[Activity]:
Every record below needs to be set down exactly. Pictures do not belong in the copy.

[Data to process]:
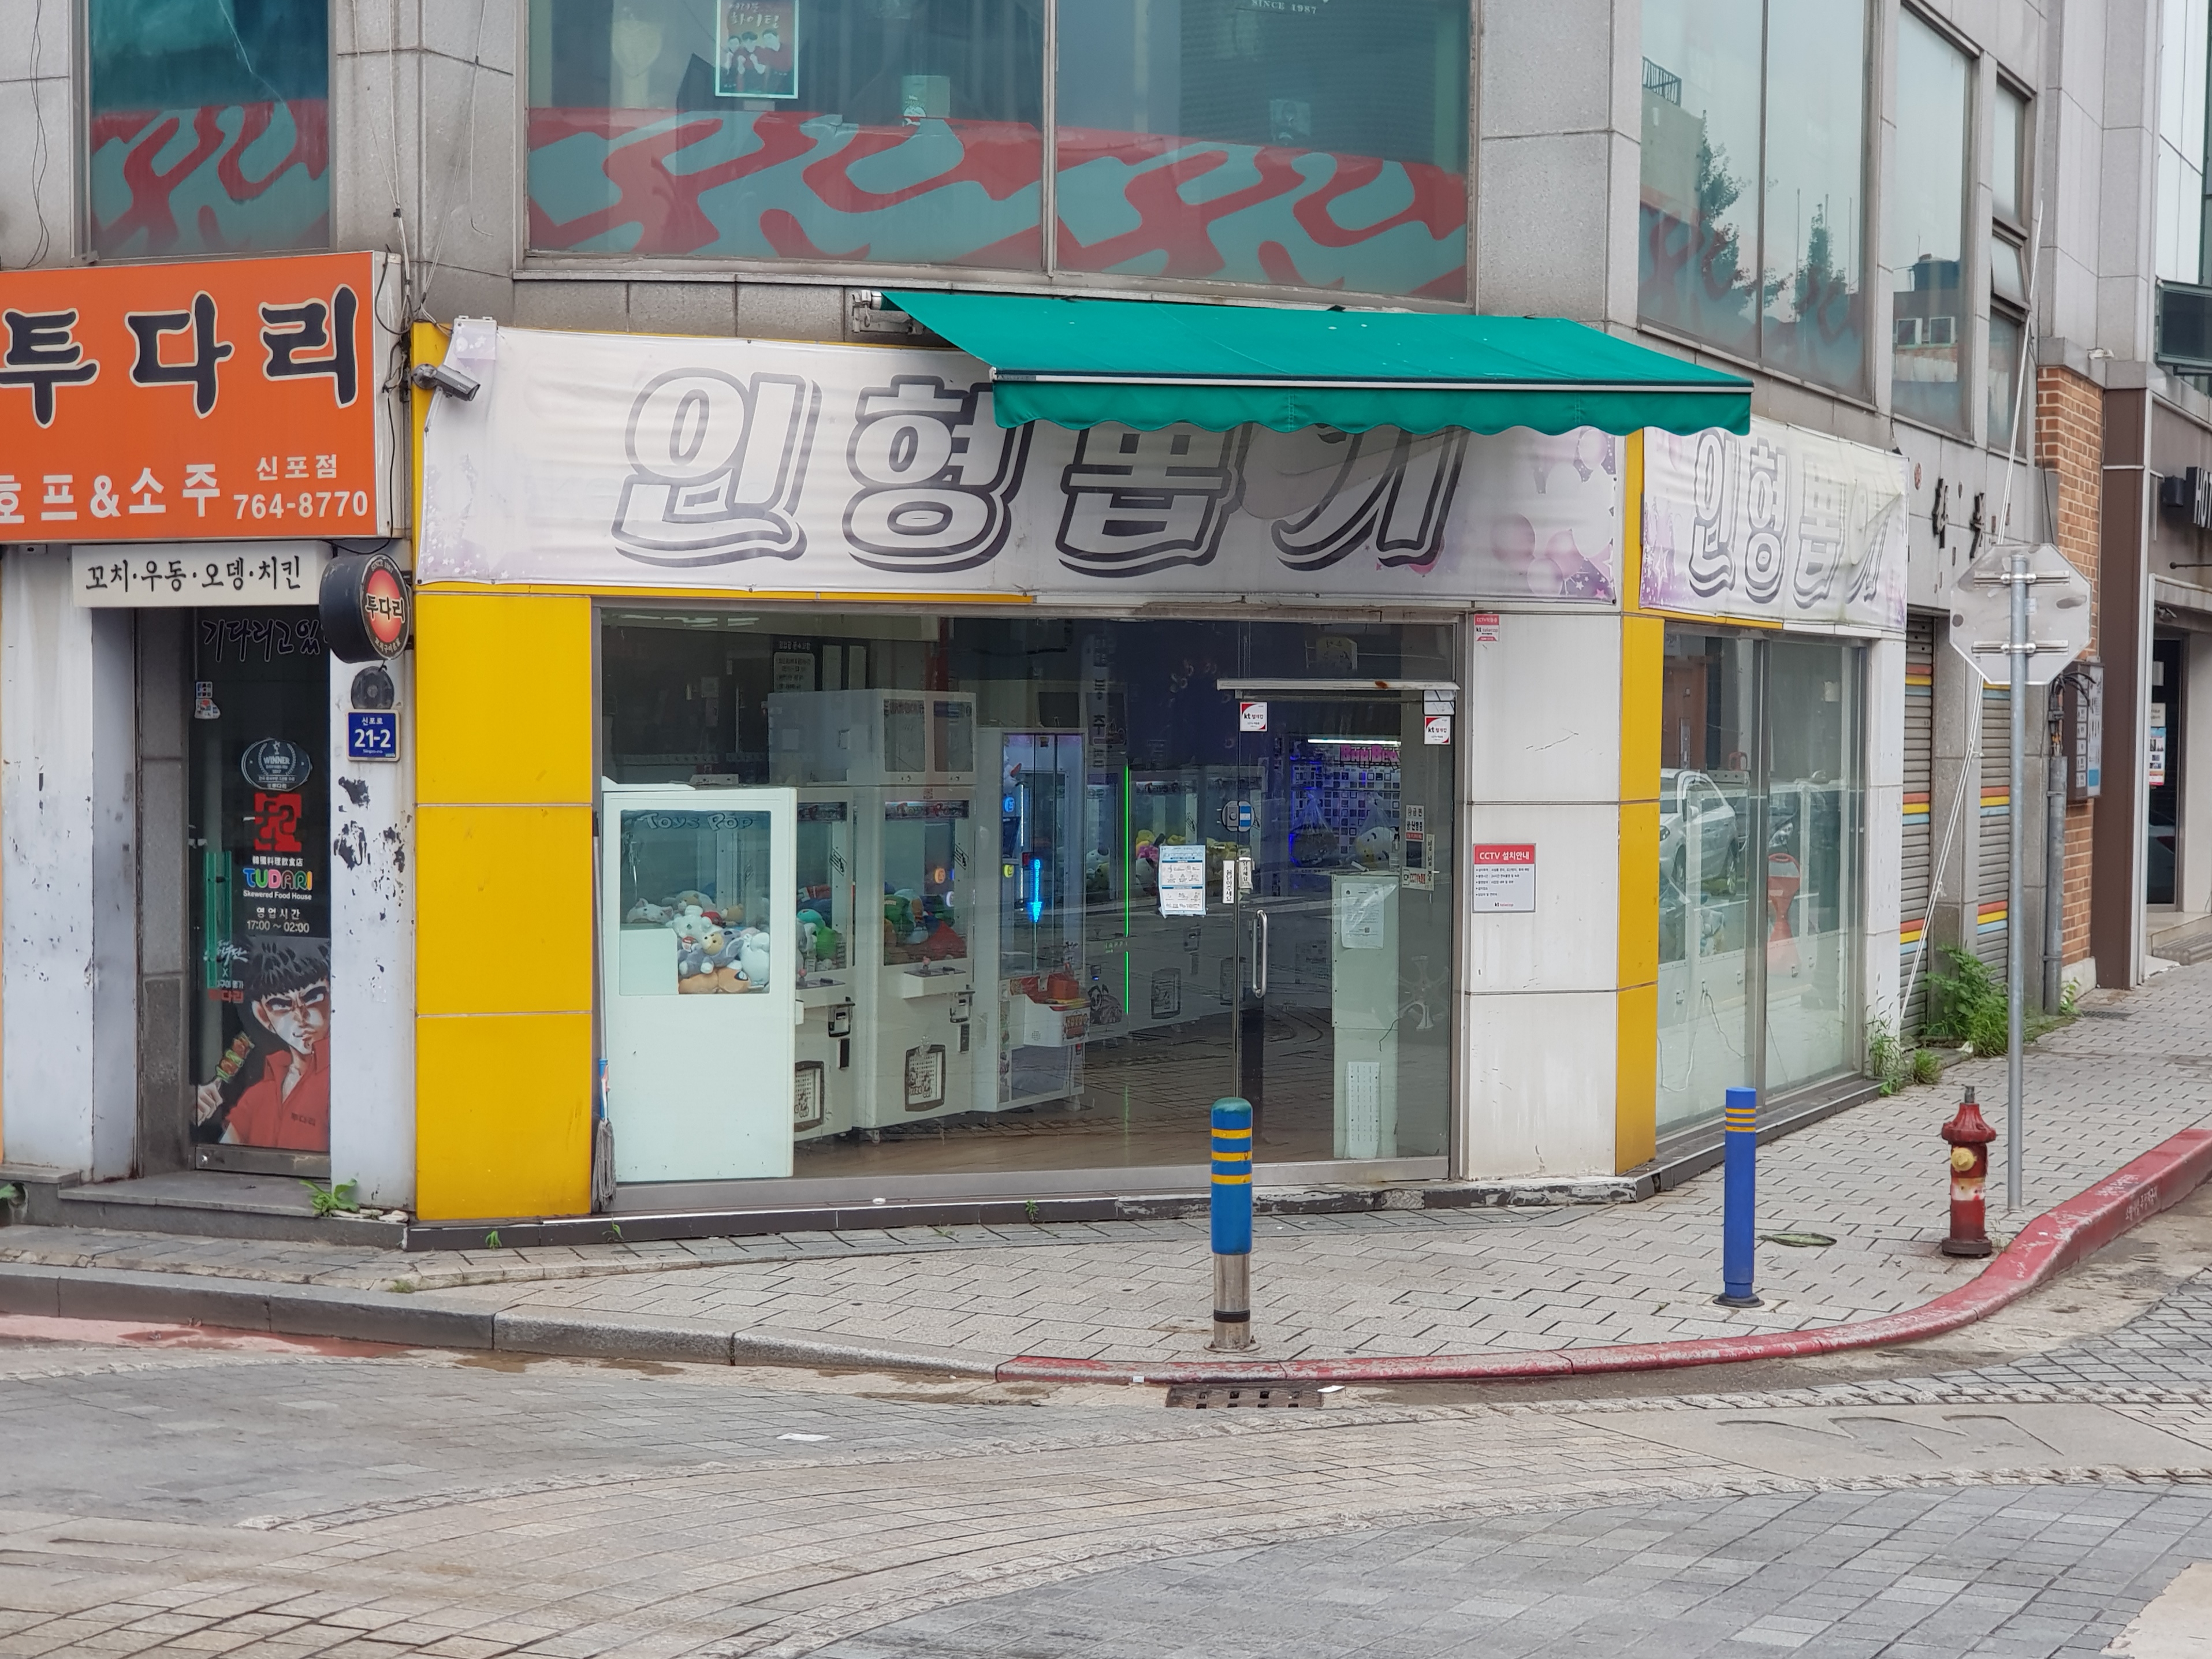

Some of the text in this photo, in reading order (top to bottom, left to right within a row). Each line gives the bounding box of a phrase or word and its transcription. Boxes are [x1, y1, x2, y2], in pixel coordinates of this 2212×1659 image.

[1291, 4, 1317, 14] 1987
[0, 283, 359, 428] 투다리
[256, 454, 338, 481] 신포점
[233, 491, 368, 520] 764-8770
[365, 593, 405, 624] 투다리
[202, 618, 328, 662] 기다리고 있
[362, 717, 383, 726] 신포로
[354, 729, 391, 748] 21-2
[263, 755, 290, 765] WINNER
[1479, 851, 1529, 860] CCTV 설치안내
[243, 868, 312, 890] TUDARI
[243, 890, 312, 901] Skewered Food House
[256, 907, 300, 920] 영업시간
[247, 920, 270, 931] 17:00
[283, 922, 310, 933] 02:00
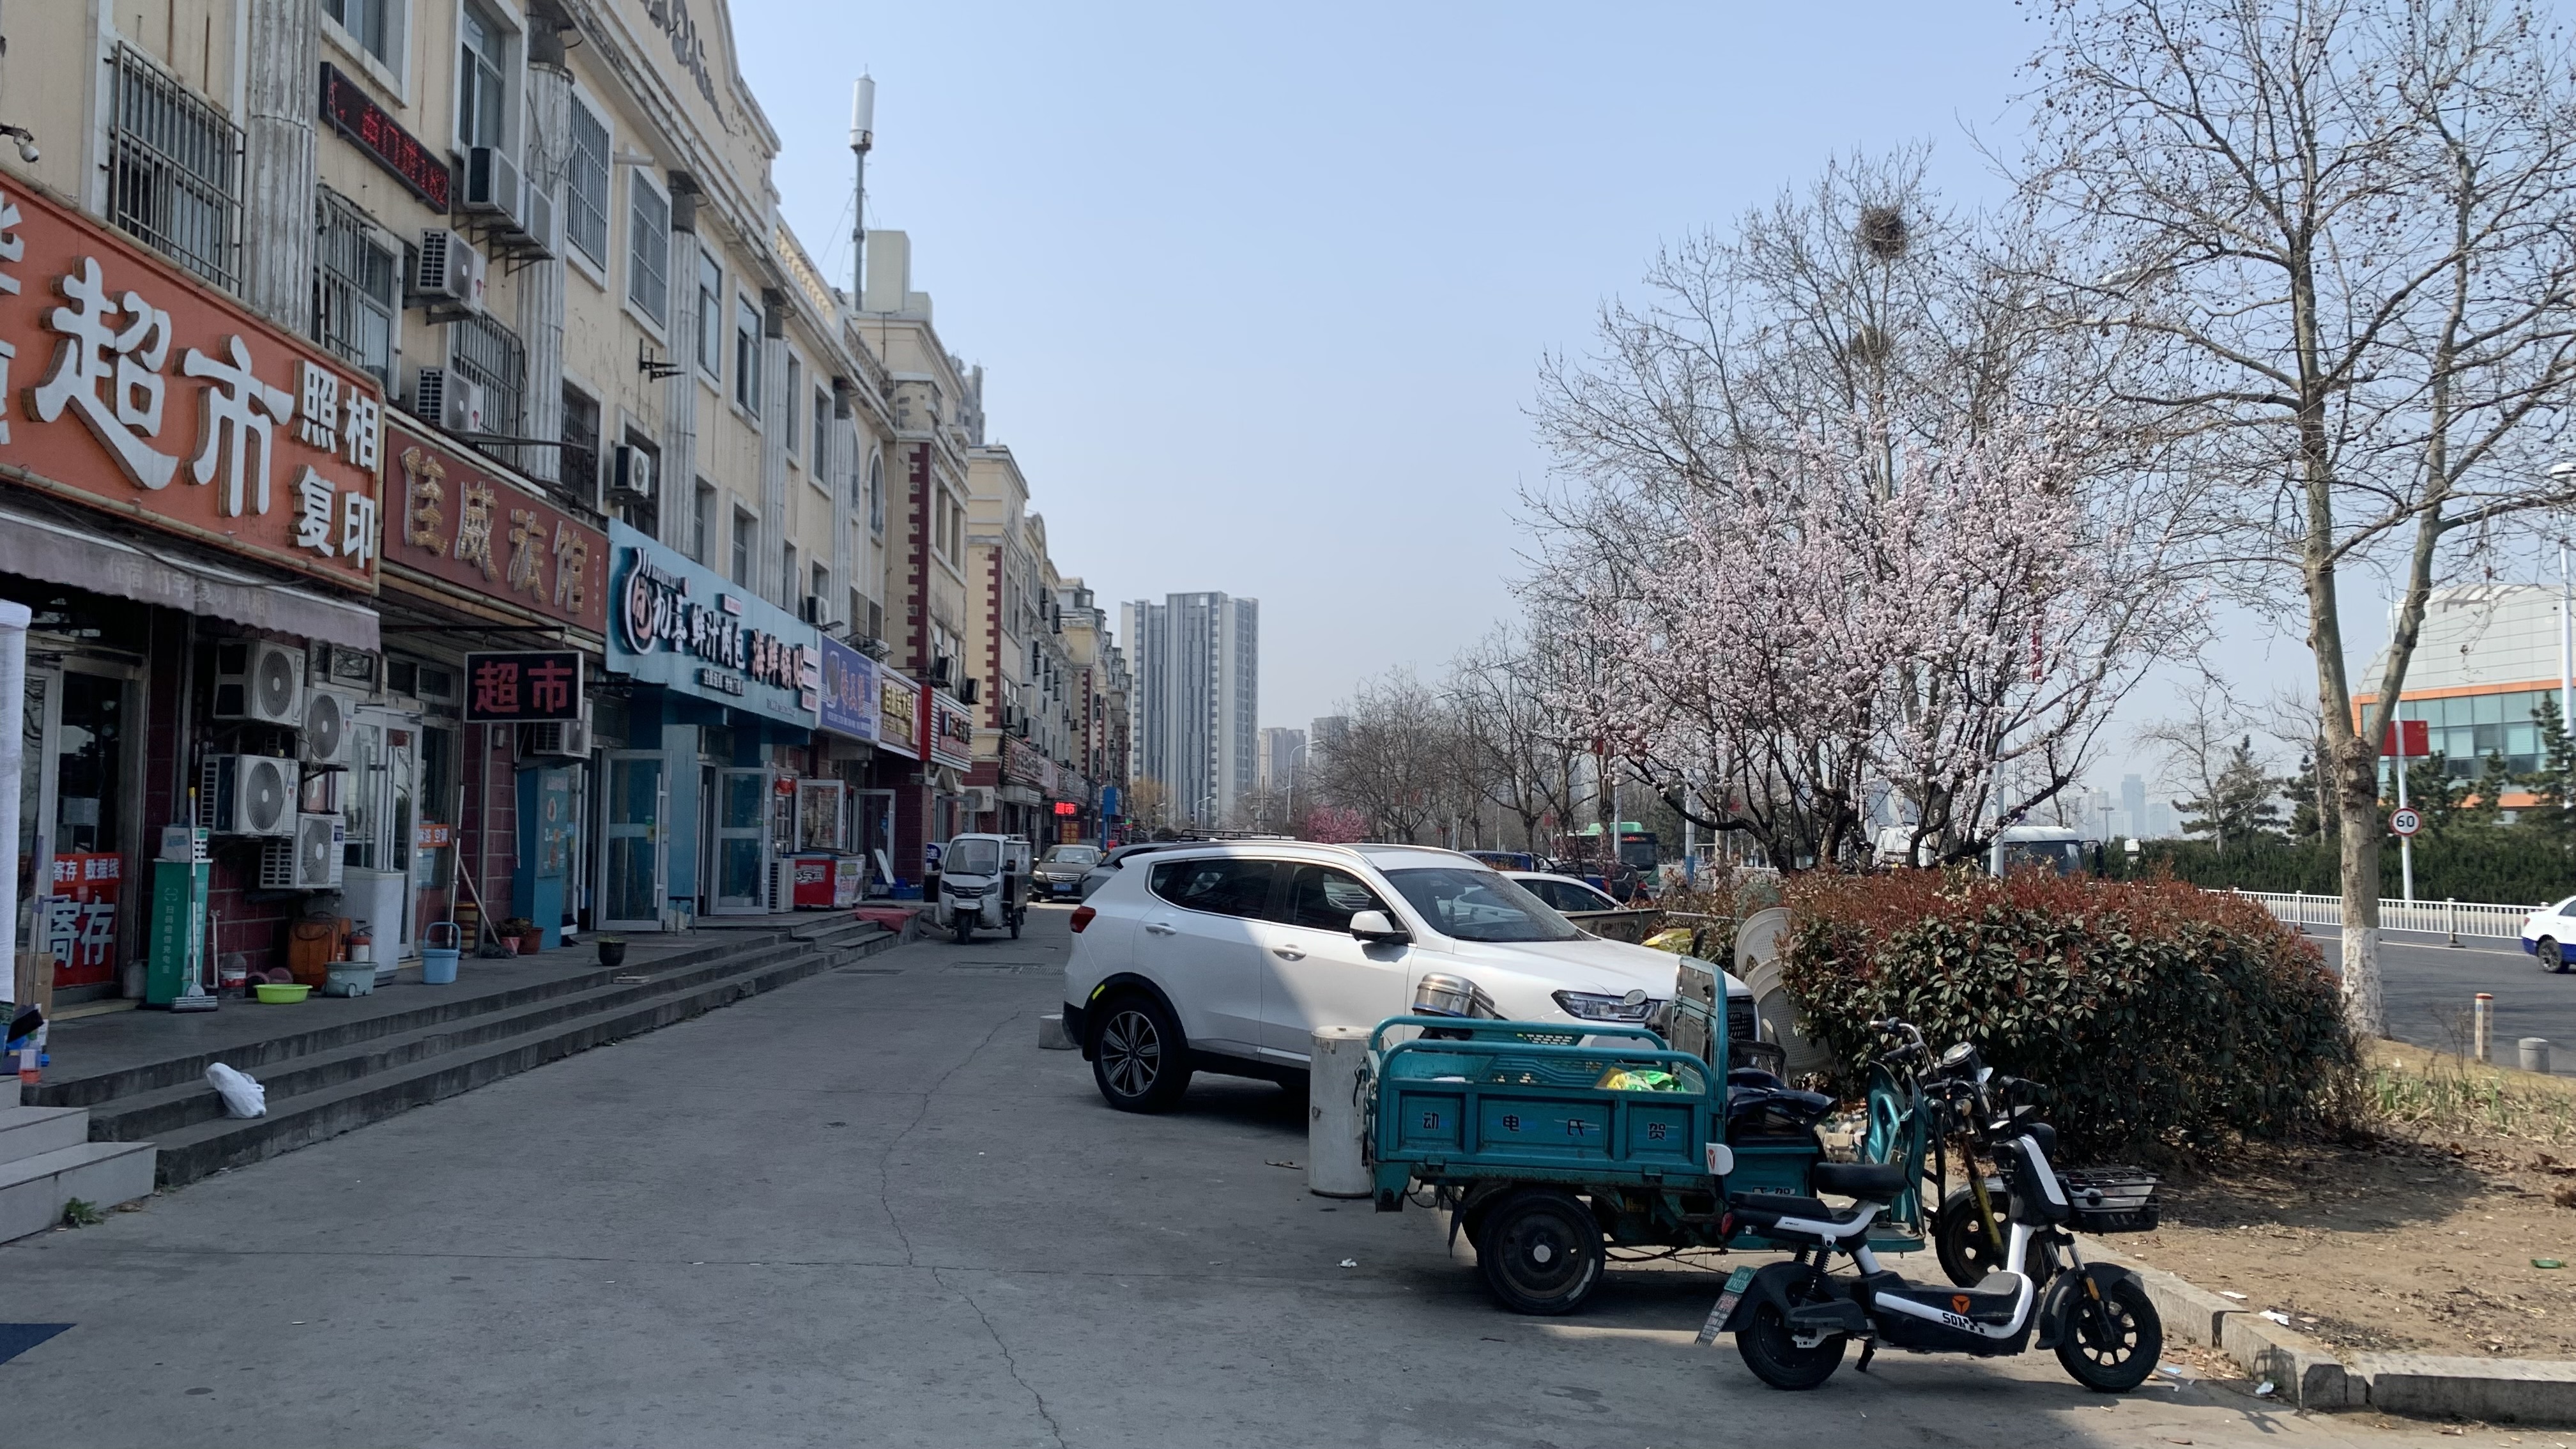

[Expected answer]:
Some of the text in this photo, in reading order (top to bottom, left to right within a row). Each line gives the bounding box of a phrase or word and its transcription. Boxes are [x1, y1, x2, y2], in pixel coordinates of this 2212×1659 image.

[1291, 4, 1317, 14] 1987
[0, 283, 359, 428] 투다리
[256, 454, 338, 481] 신포점
[233, 491, 368, 520] 764-8770
[365, 593, 405, 624] 투다리
[202, 618, 328, 662] 기다리고 있
[362, 717, 383, 726] 신포로
[354, 729, 391, 748] 21-2
[263, 755, 290, 765] WINNER
[1479, 851, 1529, 860] CCTV 설치안내
[243, 868, 312, 890] TUDARI
[243, 890, 312, 901] Skewered Food House
[256, 907, 300, 920] 영업시간
[247, 920, 270, 931] 17:00
[283, 922, 310, 933] 02:00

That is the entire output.